Want more women at the top? Don't overtax the ones already there
Lowering the 32.5 percent marginal tax rate to 30 percent and abolishing the 37 percent tax bracket for people earning $125,000 to $200,000 helps women. Australian Taxpayers Alliance Policy Director, Satya Marar, published an op-ed this week in the Daily Telegraph pointing out that this tax cut would not only provide Australia’s economy with a much-needed productivity boost. It would also promote women’s workforce participation and would bring more highly educated and qualified women back into the workforce, and reward them with higher paying jobs.
The government is punishing the very women who are doing the most to eradicate the gender wage gap.
It is women who have the power to take control of the gender wage gap. Not radical social engineers who think that imposing constraints on companies, or pushing unmeritocratic affirmative action policies are the answer. Women who are keen to work hard and get ahead in a competitive world such as the one we live in are best equipped to do that when the beast of burdensome regulation and excessive tax is off their backs.

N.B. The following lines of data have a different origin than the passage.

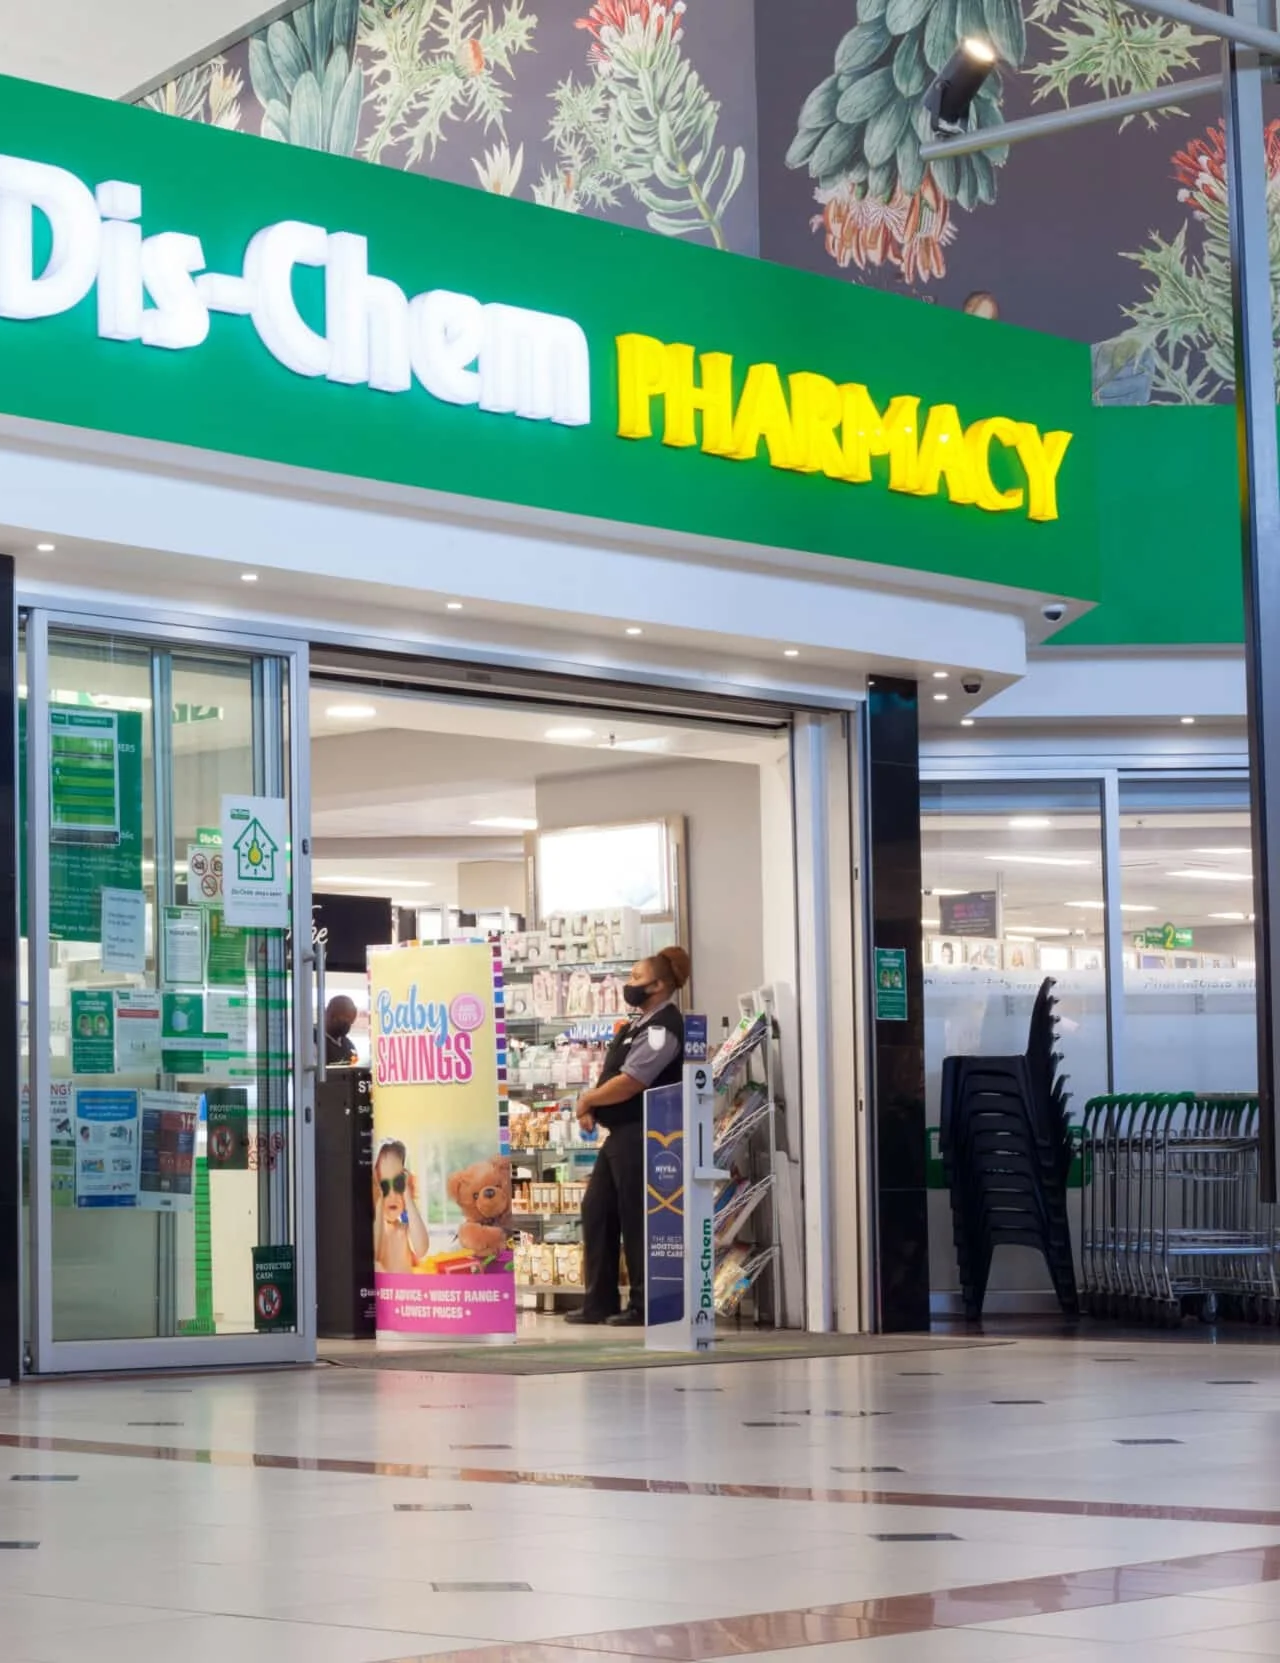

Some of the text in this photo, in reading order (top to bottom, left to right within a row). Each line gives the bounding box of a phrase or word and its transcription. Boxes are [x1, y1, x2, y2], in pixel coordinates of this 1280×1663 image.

[616, 333, 1073, 521] PHARMACY
[1164, 924, 1175, 949] 2
[378, 984, 448, 1048] Baby
[378, 1032, 472, 1083] SAVINGS
[655, 1165, 677, 1173] NIVEA
[255, 1262, 291, 1271] PROTECTED
[701, 1219, 712, 1308] Dis-Chem
[255, 1272, 273, 1280] CASH
[464, 1290, 499, 1303] RANGE
[401, 1306, 463, 1319] LOWEST PRICES
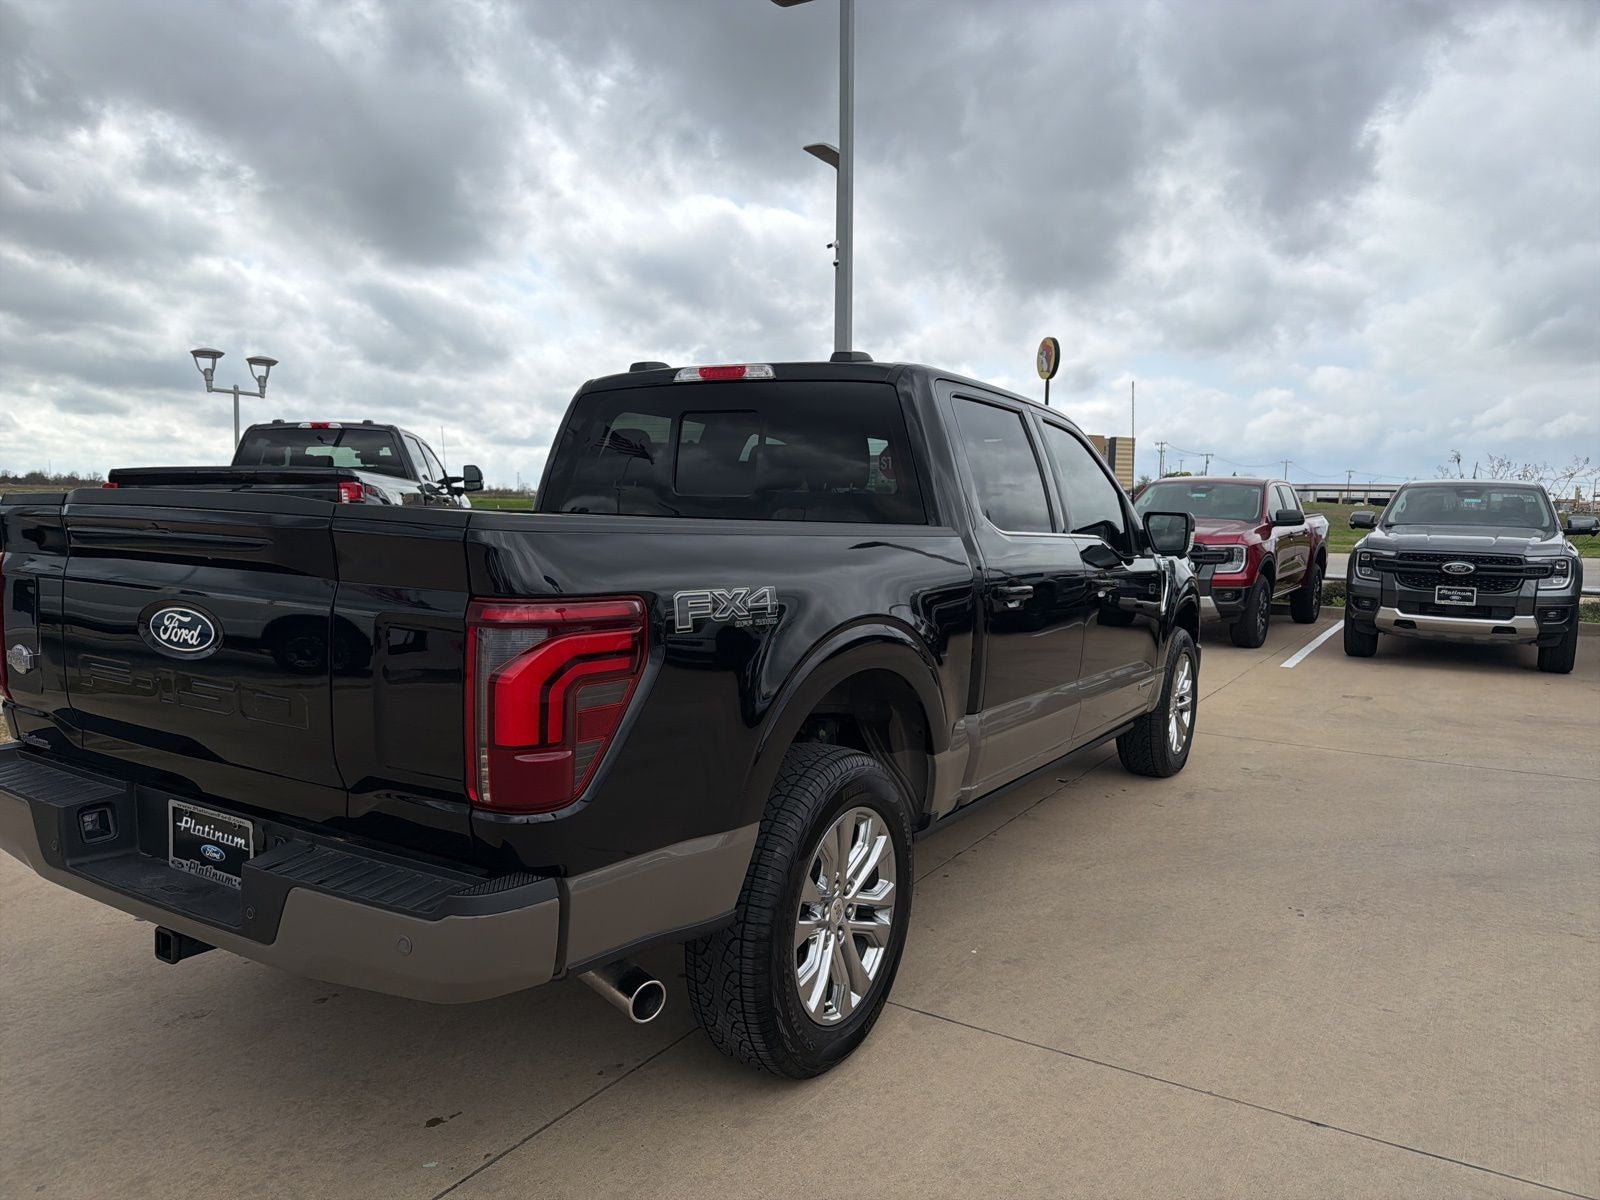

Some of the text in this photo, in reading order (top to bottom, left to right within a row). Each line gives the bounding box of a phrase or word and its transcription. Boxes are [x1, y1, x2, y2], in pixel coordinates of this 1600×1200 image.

[673, 586, 778, 633] FX4
[1439, 589, 1472, 597] Platinum
[159, 612, 202, 645] Ford
[79, 653, 309, 730] F-150
[176, 816, 249, 851] Platinum
[205, 848, 221, 860] Ford
[188, 860, 237, 887] Platinum

Men and women are different. Smart businesses understand that women are profitable, but not because they can get away with paying women less. In reality they cannot. Rather, it is borne out by empirical evidence attesting that women have unique value to add to a management team. A study done by the London School of Business shows that women working in tandem with men brings better ideas to the table and improves the efficiency of an organisation. This is being rapidly recognised by the private sector without the need for government encroachment. As noted by Claire Shipman in her book “Womenomics”, “A McKinsey survey … determined that more than 70 percent of companies that made efforts to empower female employees in emerging markets either experienced or expected to experience increased profits as a direct result of those efforts.”
While women complain that men are getting paid more, they simultaneously surpass those men in education. In economies demanding more specialised expertise, we will soon find more women at the top of the corporate ladder.
Women need to understand their value. Only 34 percent of women ask for a better compensation package after receiving a job offer in comparison to 46 percent of men. You cannot complain about not having something which you never asked for.
That fact that women are more risk averse than men is a benefit to society. One wonders if the 2008 financial crisis would have happened if more women worked on Wall Street. However, risk aversion doesn’t pay well. There is a monetary value to risk; that is why stocks, which are usually riskier than bonds, have higher rates of return. Women cannot expect a payout for risks they don’t take anymore than I can expect to win the lottery with tickets I didn’t buy.
Women often make different choices than their male counterparts, and this unfortunately or otherwise, adds to the existence of stereotypes. And authoritarian social justice warriors as well as insecure women-hating ‘neckbeards’ may both be surprised to learn that women are rational human beings smart enough to understand the ramifications of their choices.
If a mother chooses to stay home with her child, it is because doing so increases her utility. Put in less technical terms, it brings her a greater degree of satisfaction and fulfilment than the other choices available to her. She may enjoy working at home more than in the office. That choice may be the wisest financial decision in the moment. For other women, it may be the opposite.
Only individual women know what will most effectively increase their utility.
It is not the job the government or society to impede women’s choices even in an attempt to decrease the gender wage gap. It is not the place of men or even other women to criticise and impede the rational choices made by other women.
When organisations or governments enforce quotas, good work done by women is discredited. Women’s achievements are mistaken for handouts. When the state over-regulates businesses, women entrepreneurs are harmed.
High taxes hurt high achieving women.
The argument that only men benefit from the Frydenberg tax cuts is simply false. Studies show women are more sensitive to tax incentives which affect their take-home pay, so taxes have a higher impact on the hours women choose to work.
More women in the labor force adding their voices and varying perspectives, helps society as a whole. Money in the hands of the people, instead of the government, benefits all groups.
Instead of punishing hard working women who do well; we should reward them with a flatter and fairer tax system. Instead of blaming men and society for the wage gap, women should take responsibility for their individual choices. Instead of impeding people’s freedom in the name of equality, we should accept the decisions other people make with their lives even if it alters the statistics.
This article appeared in LibertyWorks on 24 June 2019.